SolrJ - Indexing multiple classes and ensuring doc

2019-09-06 07:58发布

问题:

I want to use SolrJ for indexing a set of Java classes. Each class instance is determined by its id which is unique within a class. However, by using the Solr @Field annotation for making Solr documents from these classes it turns out that this annotation doesn't guarantee uniqueness of the created documents stored in the Solr index (same id values may belong to multiple classes).

I tried combining the annotation approach with the Solr UUID data type for generating unique id values into a specified field in the solr schema, but with no success.

As a result, I created a simple annotation mechanism not so different from the SolrJ one, which guarantees uniqueness across multiple classes. This is done by combining object class name and its id to get a sort of UUID which is then stored in the Solr schema.

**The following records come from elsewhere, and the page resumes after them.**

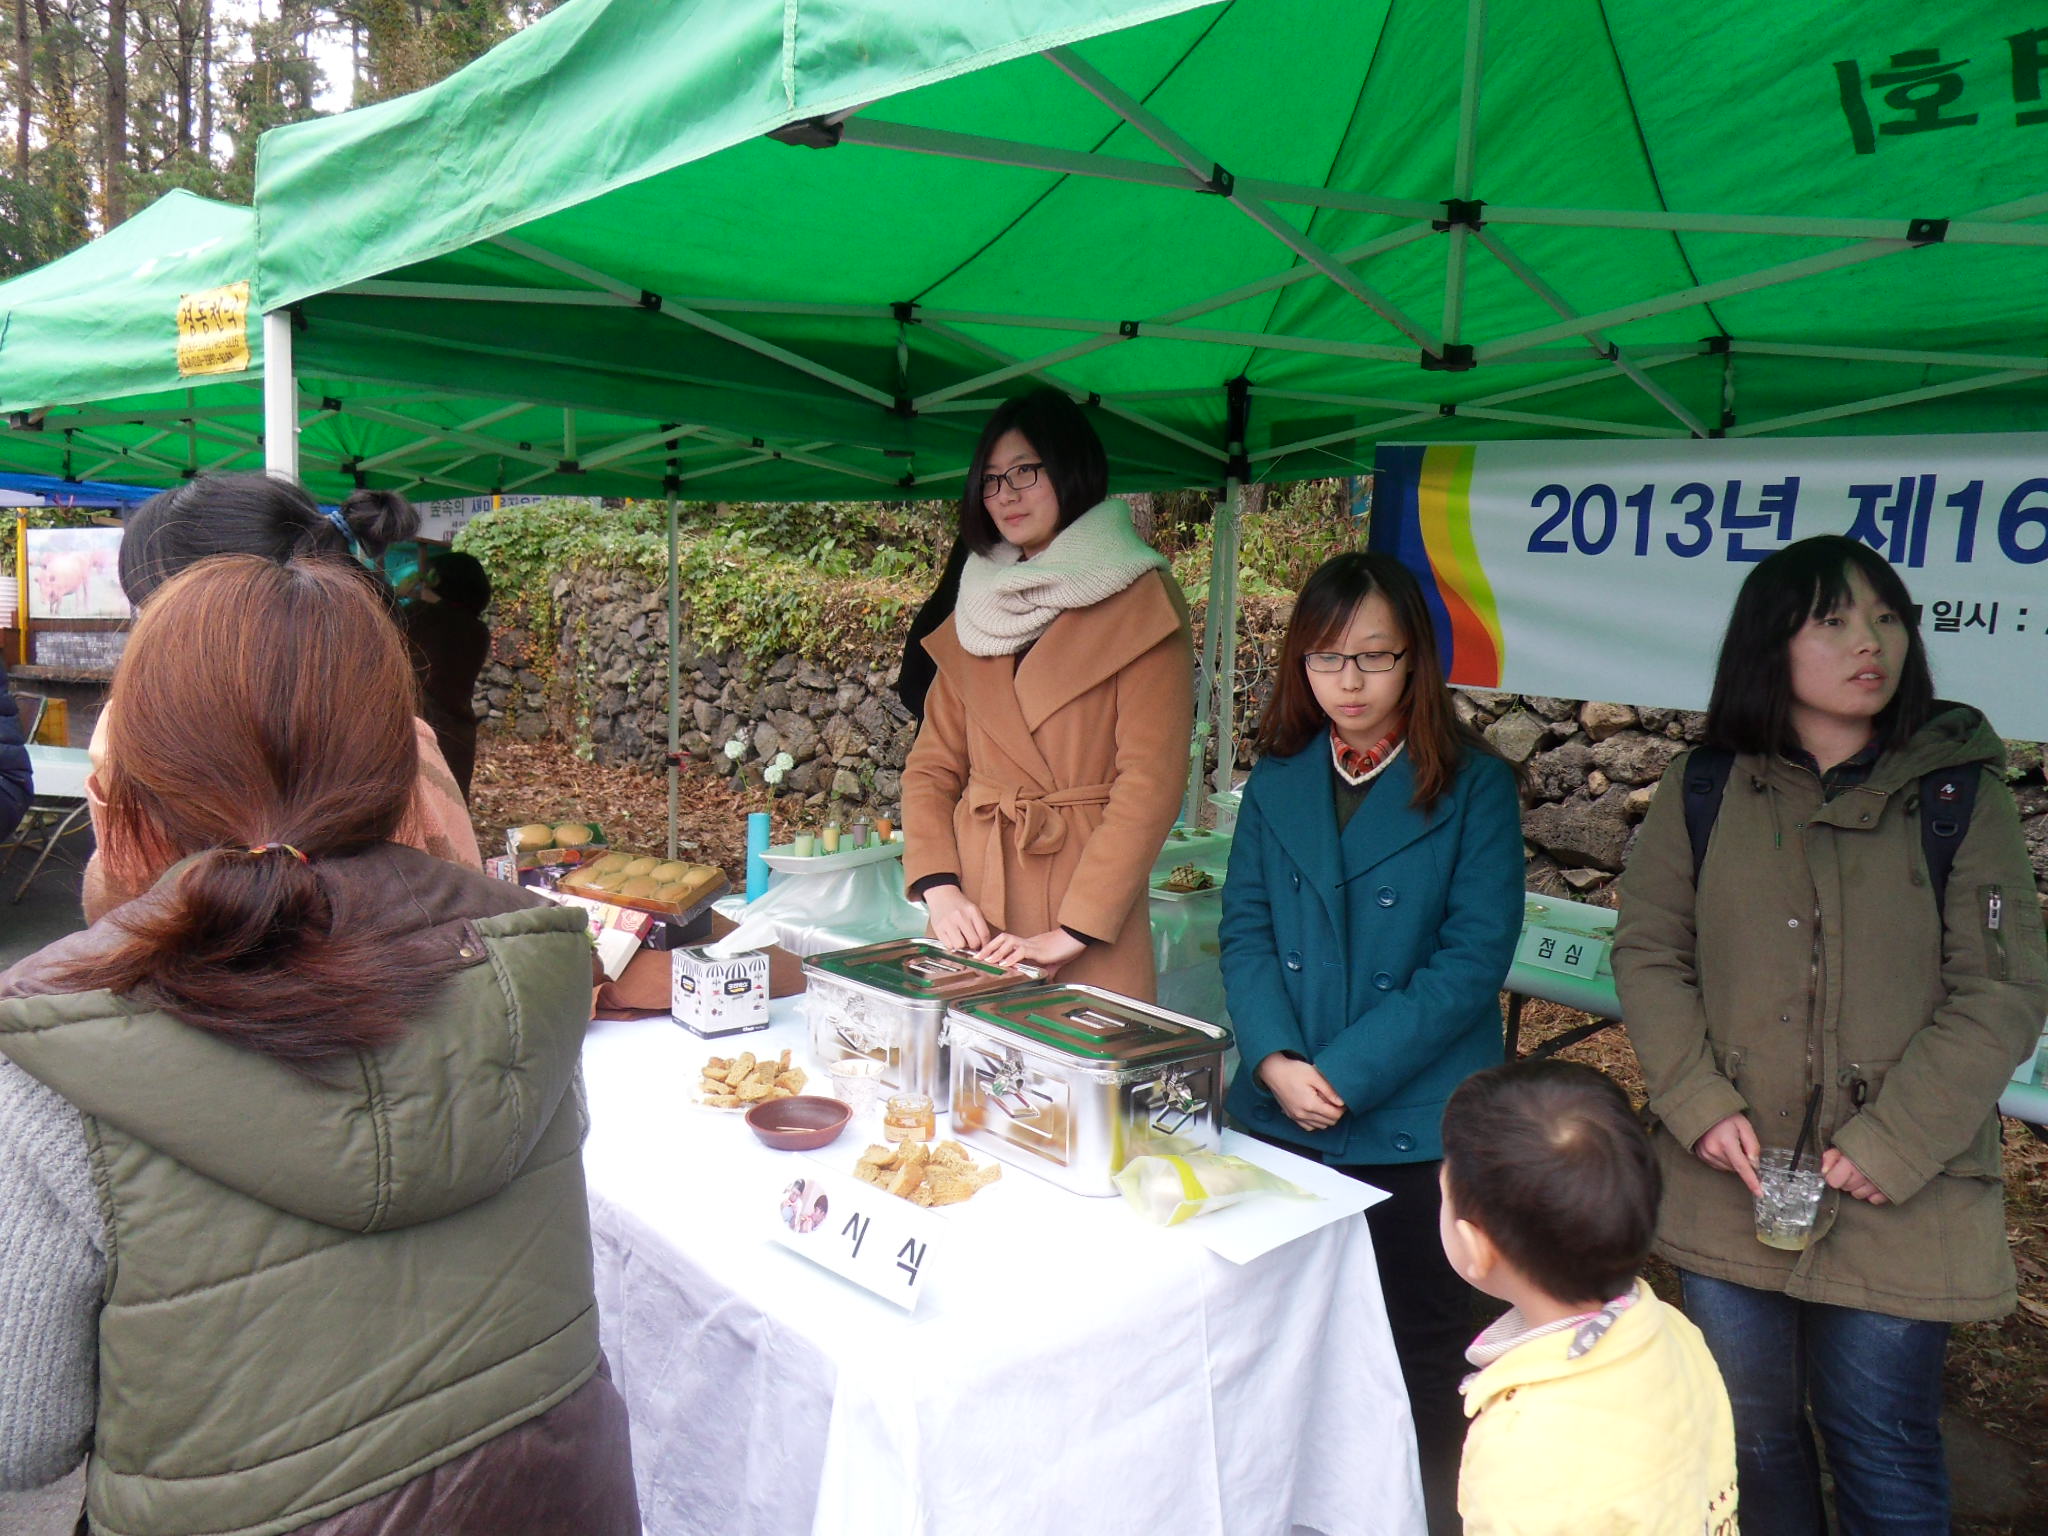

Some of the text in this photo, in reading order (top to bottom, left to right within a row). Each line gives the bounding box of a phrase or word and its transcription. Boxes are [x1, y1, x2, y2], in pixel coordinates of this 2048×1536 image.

[1527, 473, 2048, 569] 2013년 제16
[1932, 600, 1999, 635] 일시
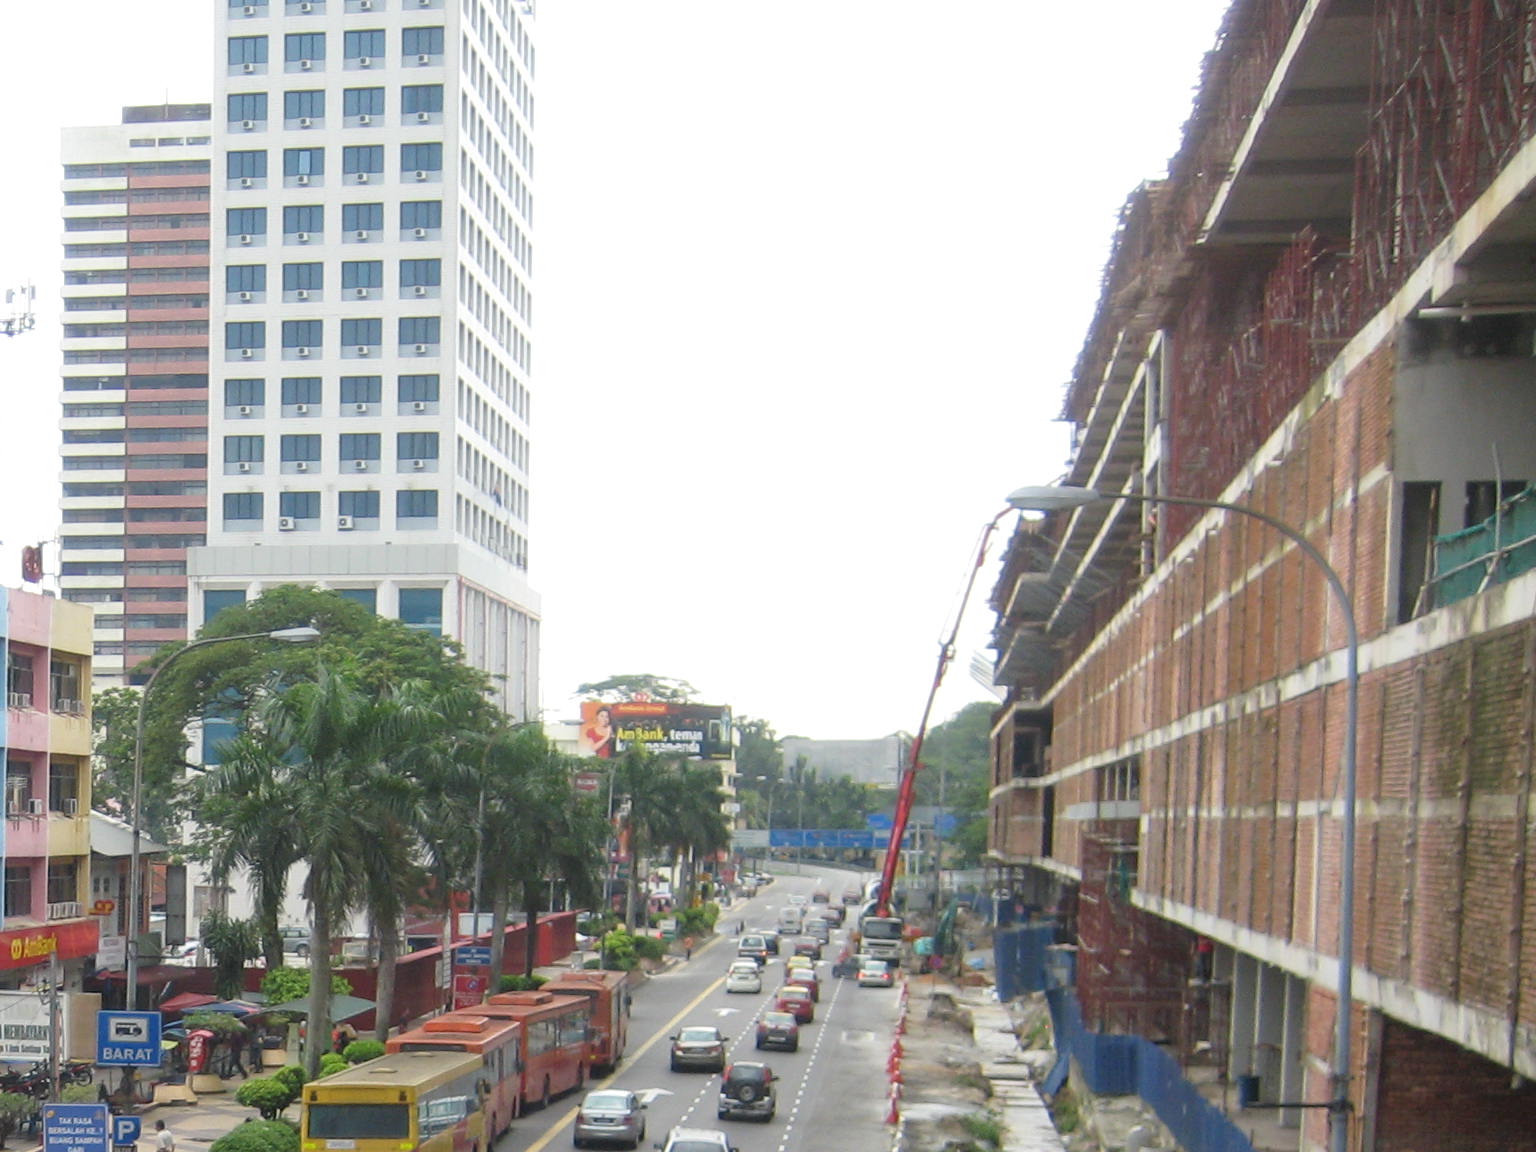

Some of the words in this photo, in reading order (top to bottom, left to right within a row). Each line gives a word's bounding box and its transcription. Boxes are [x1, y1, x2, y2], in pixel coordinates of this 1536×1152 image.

[617, 727, 667, 741] AmBank,
[670, 729, 703, 741] teman
[24, 933, 57, 957] AmBank
[103, 1048, 153, 1060] BARAT
[59, 1117, 72, 1125] TAK
[118, 1121, 135, 1141] P
[49, 1137, 74, 1145] BUANG
[75, 1137, 103, 1145] SAMPAH
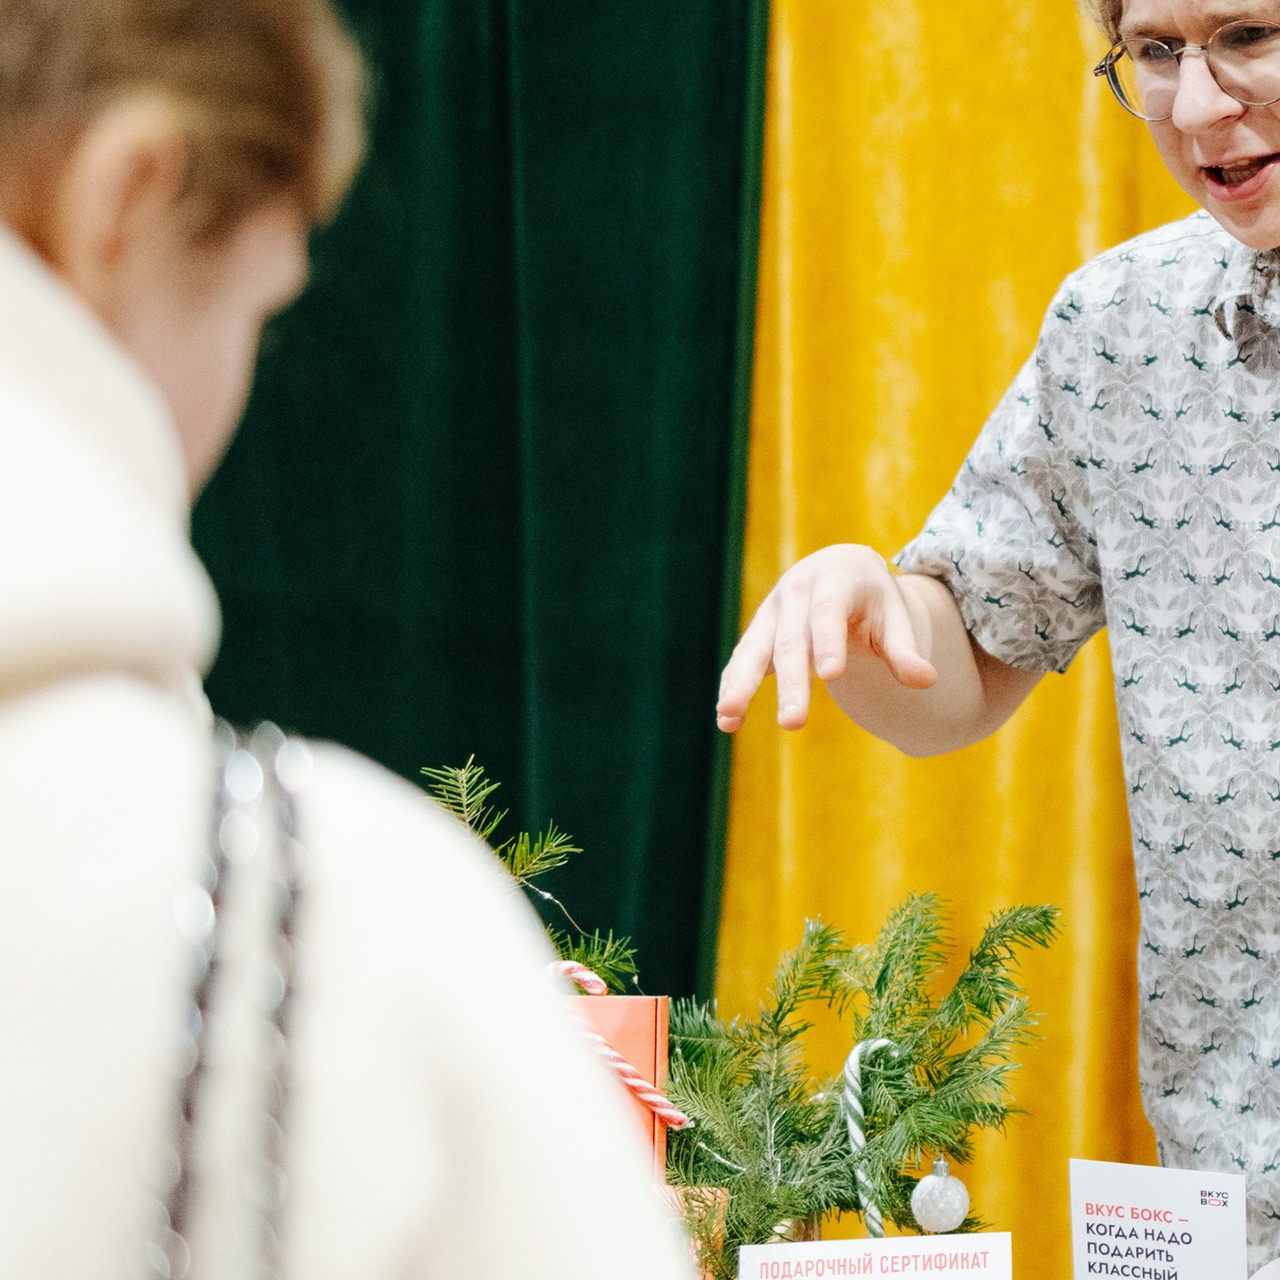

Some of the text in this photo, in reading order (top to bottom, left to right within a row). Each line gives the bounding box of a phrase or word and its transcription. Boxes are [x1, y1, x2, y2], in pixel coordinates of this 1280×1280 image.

I'm not sure if I'm not missing something, so I would like to know if the working solution described above is good enough for my case or if there are any cleaner/better alternatives.

回答1:

I think this is a valid approach. We are doing something similar with multiple indexes at our location. For example we have 4 different types of items in our database that we are loading into a common schema in the index and we prefix the database table id with the first two unique letters of the type to ensure that it will be unique.

Also IMO, indexing multiple distinct types in one index is really a preference and not a rule of thumb as indicated in the links below

  • Single schema versus multiple schemas in solr for different document types
  • Running Multiple Indexes


回答2:

Typically one POJO will correspond to one schema and one Solr core. I am not sure why you would want to index different POJOs into one Solr core.

But with that said, your class name approach should work fine. Else you can declare a static CLASS_ID field in each one of your classes, keep them different for different classes and form the Solr document ID by concatenating like id:CLASS_ID.